== Data for this task ==

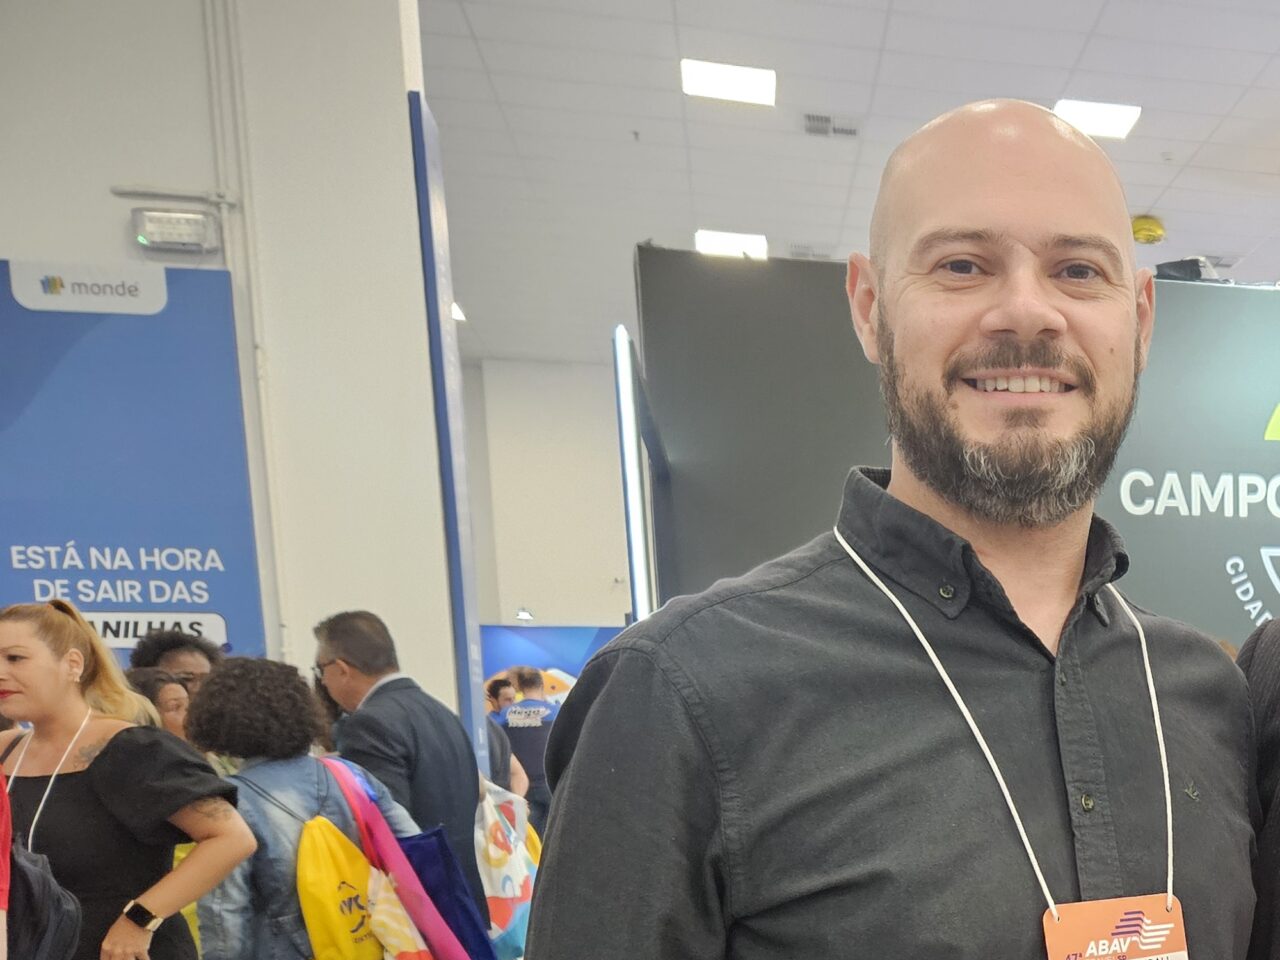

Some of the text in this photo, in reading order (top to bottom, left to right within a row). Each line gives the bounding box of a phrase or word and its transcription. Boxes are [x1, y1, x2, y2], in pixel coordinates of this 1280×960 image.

[71, 281, 139, 298] monde
[10, 540, 225, 572] ESTÁ NA HORA
[33, 578, 209, 604] DE SAIR DAS
[1085, 936, 1132, 957] ABAV

===

§ **What the task asks**
Keep every word of the material exactly as given. Drop the pictures.

§ **Solution to the problem**
Some of the text in this photo, in reading order (top to bottom, left to right within a row). Each line gives the bounding box of a phrase or word and its transcription. Boxes are [x1, y1, x2, y2], in pixel coordinates of this 1280×960 image.

[71, 281, 139, 298] monde
[10, 540, 225, 572] ESTÁ NA HORA
[33, 578, 209, 604] DE SAIR DAS
[1085, 936, 1132, 957] ABAV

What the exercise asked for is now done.